Abstract:
Objectives: To address the reliability deficiency of undifferenced integer ambiguity validation in short-arc precise point positioning (PPP), an extreme gradient boosting (XGBoost) validation model is developed. The average number of observed satellites (NOBS) is introduced to enhance the discriminative capability of ambiguity dimension and satellite observation count, especially under varying observation geometry across different satellite systems and arc lengths in post-processed PPP-AR scenarios.

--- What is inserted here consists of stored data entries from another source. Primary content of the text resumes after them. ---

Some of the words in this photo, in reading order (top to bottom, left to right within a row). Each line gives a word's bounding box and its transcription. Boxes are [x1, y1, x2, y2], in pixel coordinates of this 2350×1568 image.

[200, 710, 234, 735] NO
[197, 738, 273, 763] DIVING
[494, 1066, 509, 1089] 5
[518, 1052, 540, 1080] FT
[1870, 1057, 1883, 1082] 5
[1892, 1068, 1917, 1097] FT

Methods: Observation data are post-processed using the PRIDE PPP-AR software to construct a multi-dimensional feature dataset. The extracted features include NOBS, R-ratio, W-ratio, Difference, Projector, ambiguity dilution of precision (ADOP), penalty factor λ, and ambiguity dimension. For data labeling, daily PPP-AR solutions are used as reference values, and short-arc candidates are classified as successful or failed by comparing their ambiguity values. The training dataset consists of one month of observations from 130 IGS stations in 2023, while the testing dataset includes one week of observations from 150 independent stations in 2022 and 2024. The model performance is evaluated under different satellite systems and arc lengths, and compared with both the conventional R-ratio (c = 3) test and a reduced-feature model without the NOBS feature to quantify its contribution.

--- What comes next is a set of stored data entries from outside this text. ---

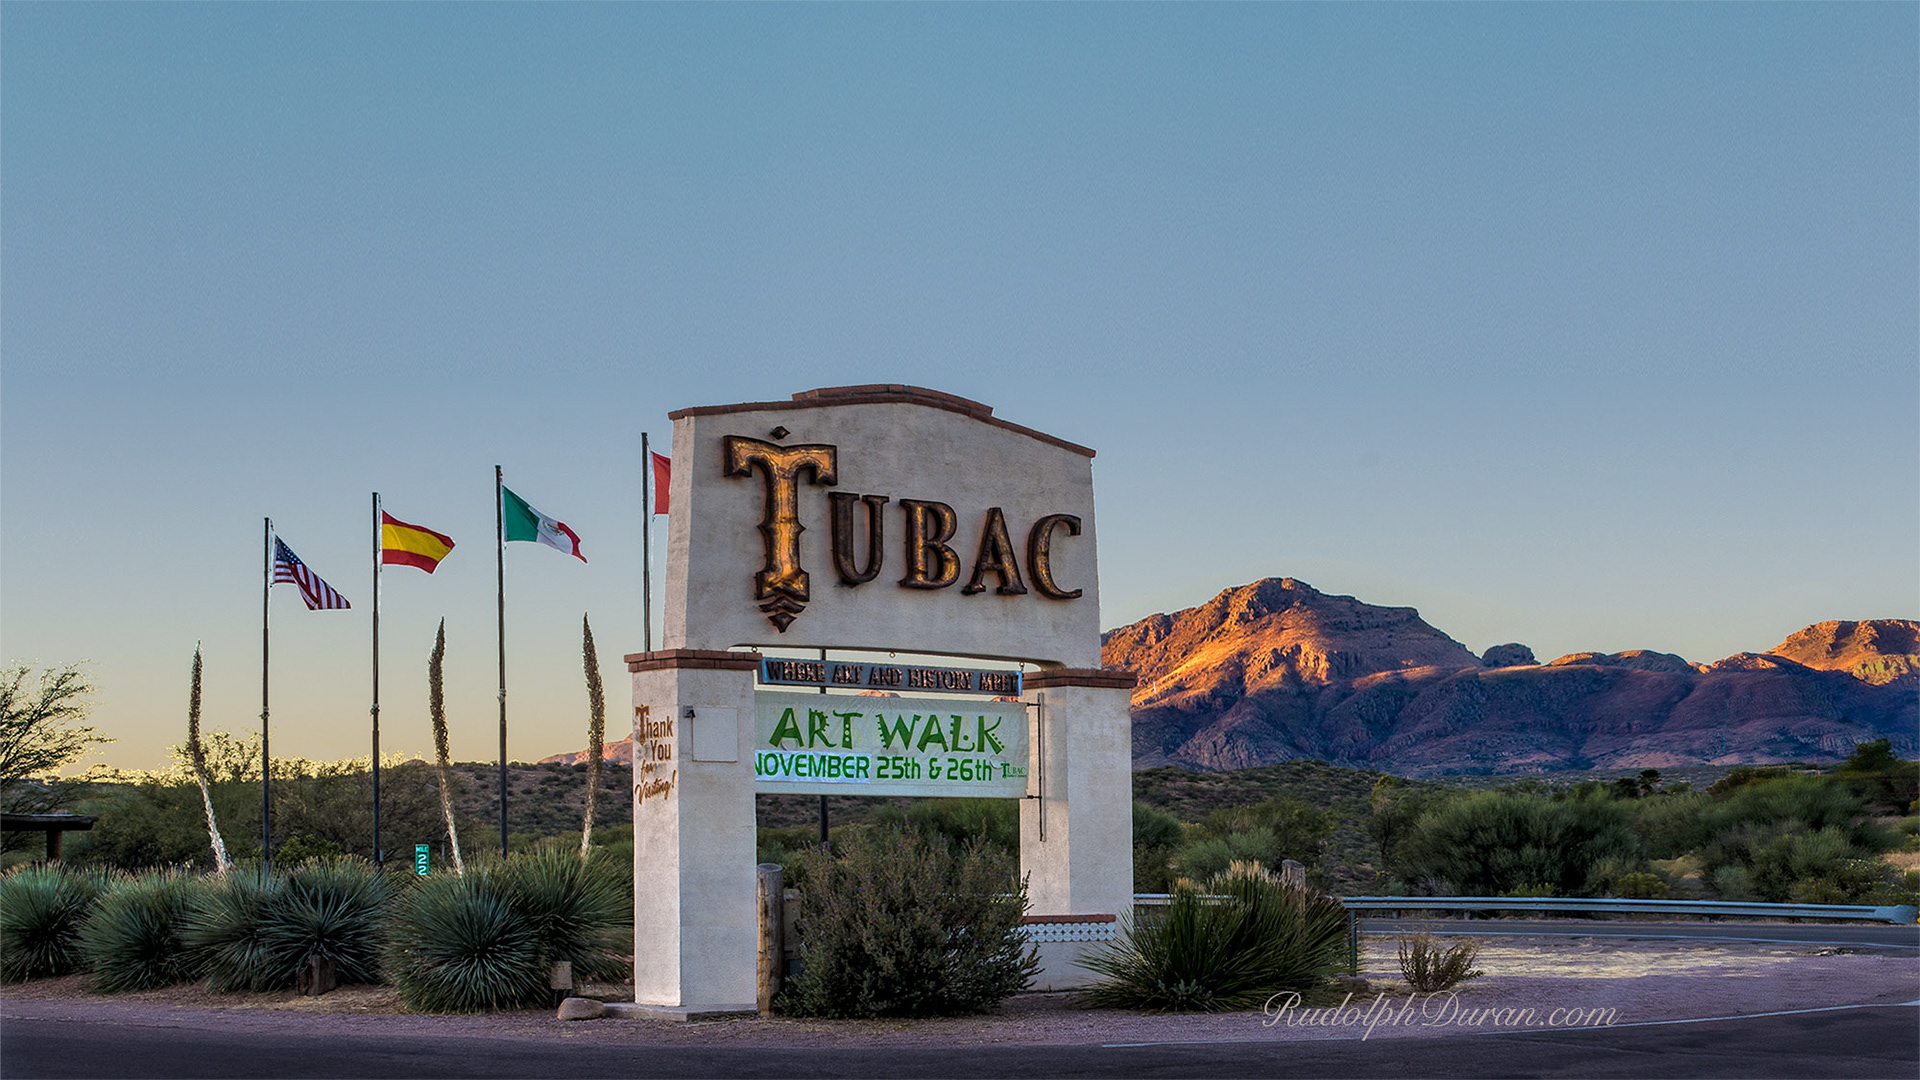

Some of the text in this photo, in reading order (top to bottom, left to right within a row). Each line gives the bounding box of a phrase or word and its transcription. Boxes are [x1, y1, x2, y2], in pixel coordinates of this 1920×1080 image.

[723, 432, 1083, 632] TUBAC
[766, 660, 1019, 693] WHERE ART AND HISTORY MEET
[635, 704, 673, 746] Thank
[769, 707, 1005, 754] ART WALK
[650, 740, 671, 761] You
[641, 760, 655, 783] for
[876, 755, 921, 780] 25th
[928, 757, 942, 780] &
[946, 757, 992, 782] 26th
[635, 770, 676, 805] Visiting!

Results: The results show that the proposed model achieves an accuracy of 89% on the training dataset and 86% on the independent testing dataset, indicating good generalization across different stations and time periods. In the PPP-Ambiguity Resolution (PPP-AR) test, the accuracy improves by about 5 percentage points compared with the conventional R-ratio test, and by about 2 percentage points relative to the model without the NOBS feature, confirming the effectiveness of incorporating observation geometry information. The improvement is more significant under short arcs (20-30 min) and single BDS scenarios, as well as long arcs with multi-GNSS combinations, reaching about 10 percentage points. In addition, the inclusion of NOBS enhances the model’s robustness against variations in satellite availability and observation redundancy. Kinematic positioning tests show that the mean 3D positioning error of fixed solutions decreases from 14.3 cm with the R-ratio test to 9.1 cm when using the XGBoost model, representing an improvement of approximately 36%, demonstrating its effectiveness in reducing incorrect fixed solutions.
Conclusions: These results demonstrate that the proposed XGBoost-based validation model effectively integrates statistical indicators and observation geometry features to improve ambiguity validation reliability. The introduction of NOBS enhances the model’s ability to characterize observation conditions, compensating for the limited discriminative capability of ambiguity dimension across different systems and arc lengths. As a result, the model achieves more stable and accurate ambiguity validation performance under varying satellite configurations and observation environments. The improved identification of unreliable fixed solutions contributes directly to higher positioning accuracy in PPP-AR. Overall, incorporating geometry-related features such as NOBS can effectively enhance the reliability of undifferenced PPP-AR and improve positioning accuracy in short-arc.